Would you please restate the data exactly as it stands, apart from the pictures?
######
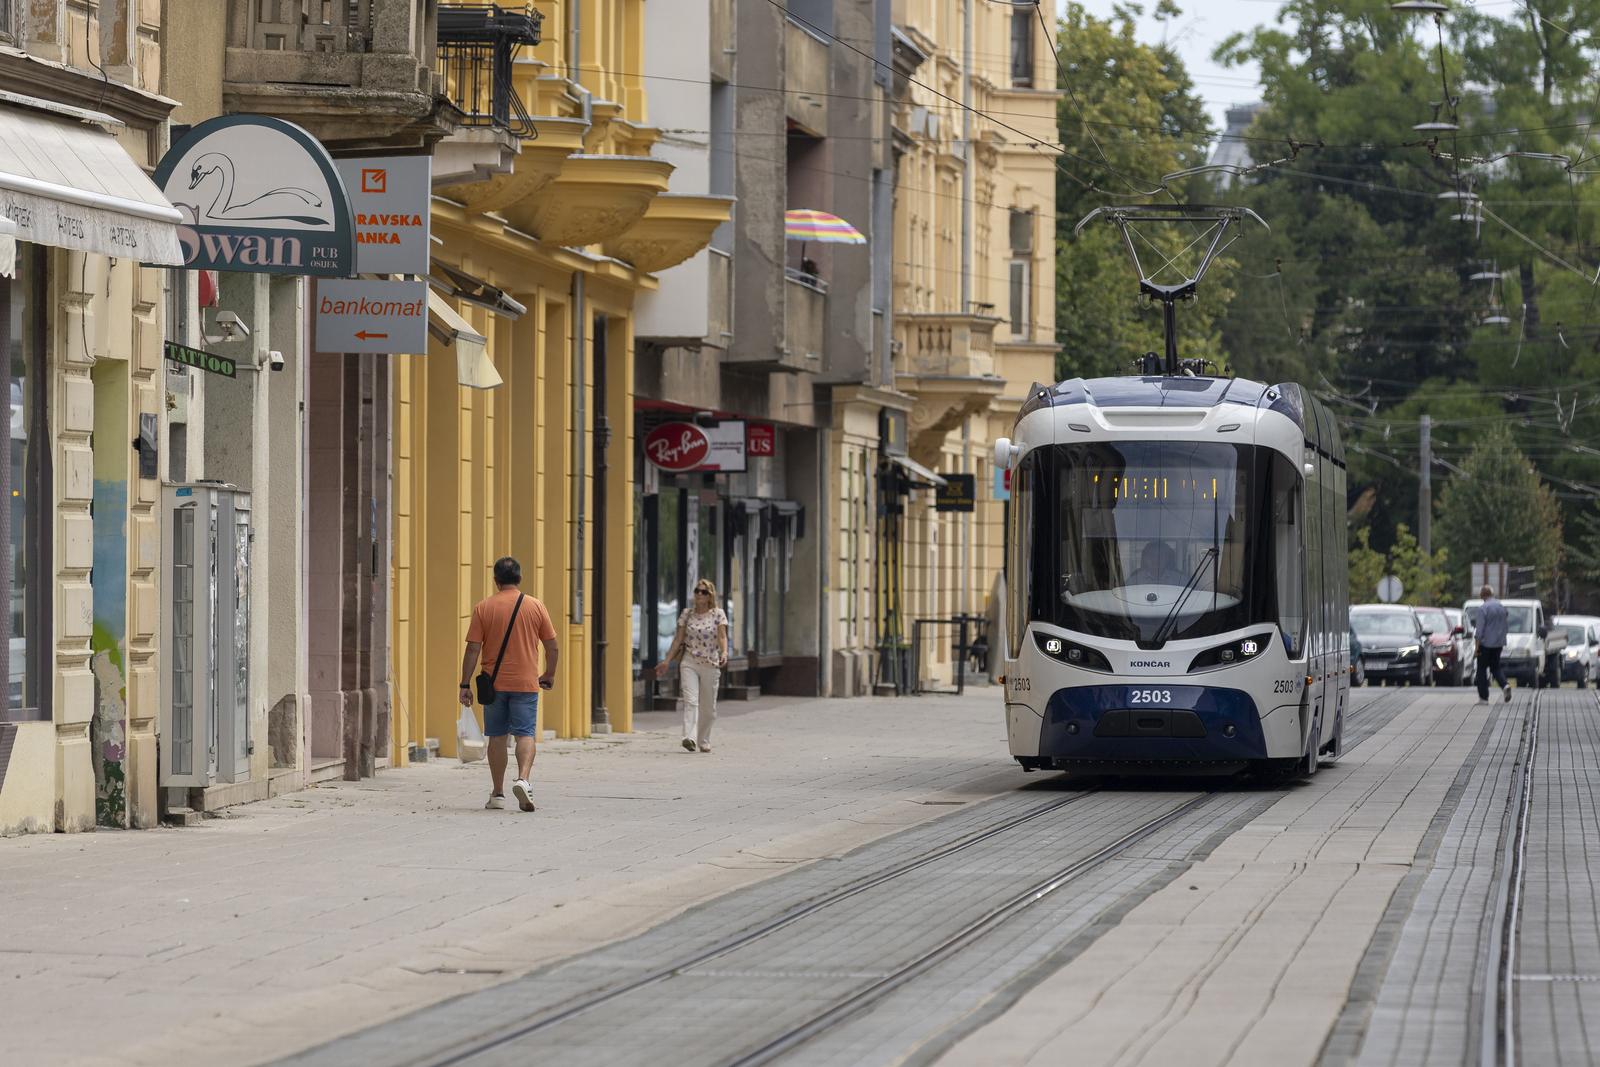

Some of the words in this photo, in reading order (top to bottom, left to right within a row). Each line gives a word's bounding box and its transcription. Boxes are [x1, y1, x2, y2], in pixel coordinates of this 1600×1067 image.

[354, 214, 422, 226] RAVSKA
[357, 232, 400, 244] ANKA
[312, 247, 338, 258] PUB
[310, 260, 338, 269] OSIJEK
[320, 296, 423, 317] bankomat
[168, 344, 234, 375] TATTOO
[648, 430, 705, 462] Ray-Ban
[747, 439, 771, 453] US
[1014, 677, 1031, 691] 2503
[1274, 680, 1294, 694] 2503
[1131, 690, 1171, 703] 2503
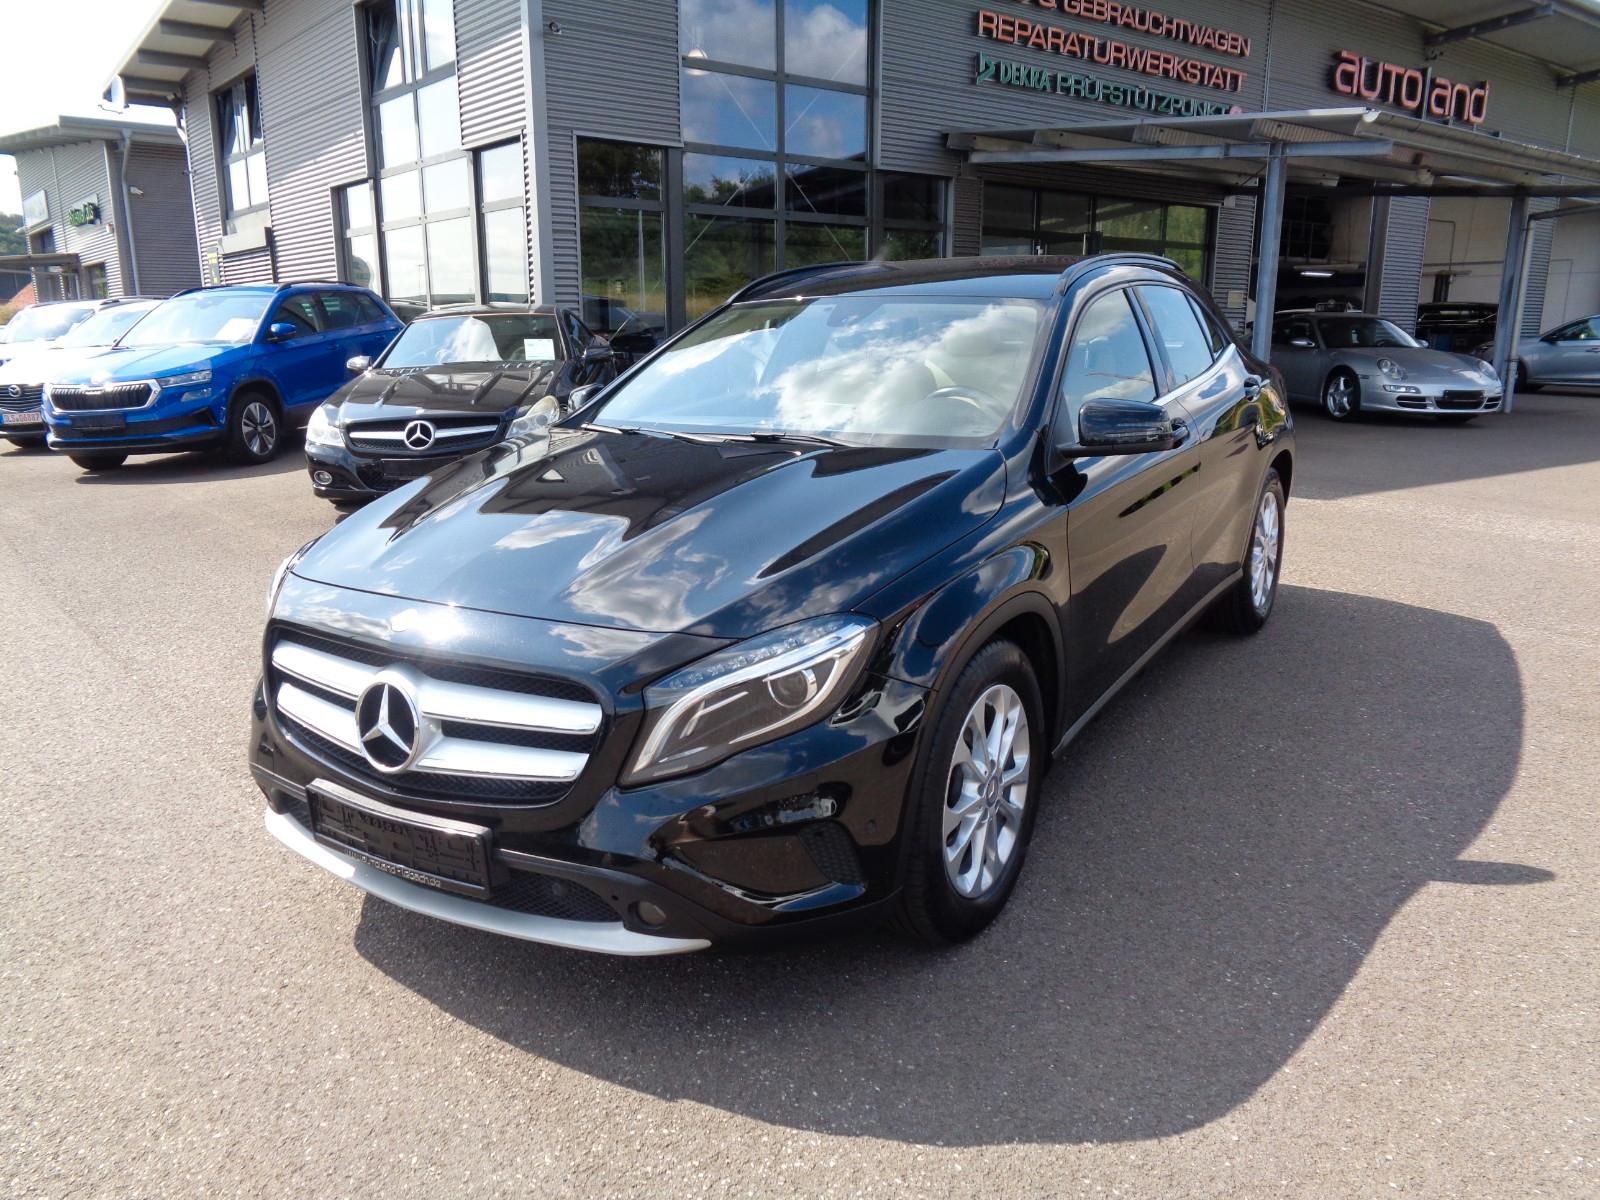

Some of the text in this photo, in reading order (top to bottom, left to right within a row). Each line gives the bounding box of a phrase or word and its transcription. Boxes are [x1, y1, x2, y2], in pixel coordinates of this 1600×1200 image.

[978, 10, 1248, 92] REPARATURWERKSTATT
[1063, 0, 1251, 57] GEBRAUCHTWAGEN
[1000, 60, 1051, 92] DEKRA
######
- [ANSWER SECTION]
Some of the words in this photo, in reading order (top to bottom, left to right within a row). Each line gives a word's bounding box and its transcription. Boxes are [x1, y1, x2, y2], in pixel coordinates of this 1600×1067 image.

[354, 214, 422, 226] RAVSKA
[357, 232, 400, 244] ANKA
[312, 247, 338, 258] PUB
[310, 260, 338, 269] OSIJEK
[320, 296, 423, 317] bankomat
[168, 344, 234, 375] TATTOO
[648, 430, 705, 462] Ray-Ban
[747, 439, 771, 453] US
[1014, 677, 1031, 691] 2503
[1274, 680, 1294, 694] 2503
[1131, 690, 1171, 703] 2503

Some of the text in this photo, in reading order (top to bottom, left to right within a row). Each line gives the bounding box of a phrase or word and its transcription. Boxes are [x1, y1, x2, y2], in pixel coordinates of this 1600×1200 image.

[978, 10, 1248, 92] REPARATURWERKSTATT
[1063, 0, 1251, 57] GEBRAUCHTWAGEN
[1000, 60, 1051, 92] DEKRA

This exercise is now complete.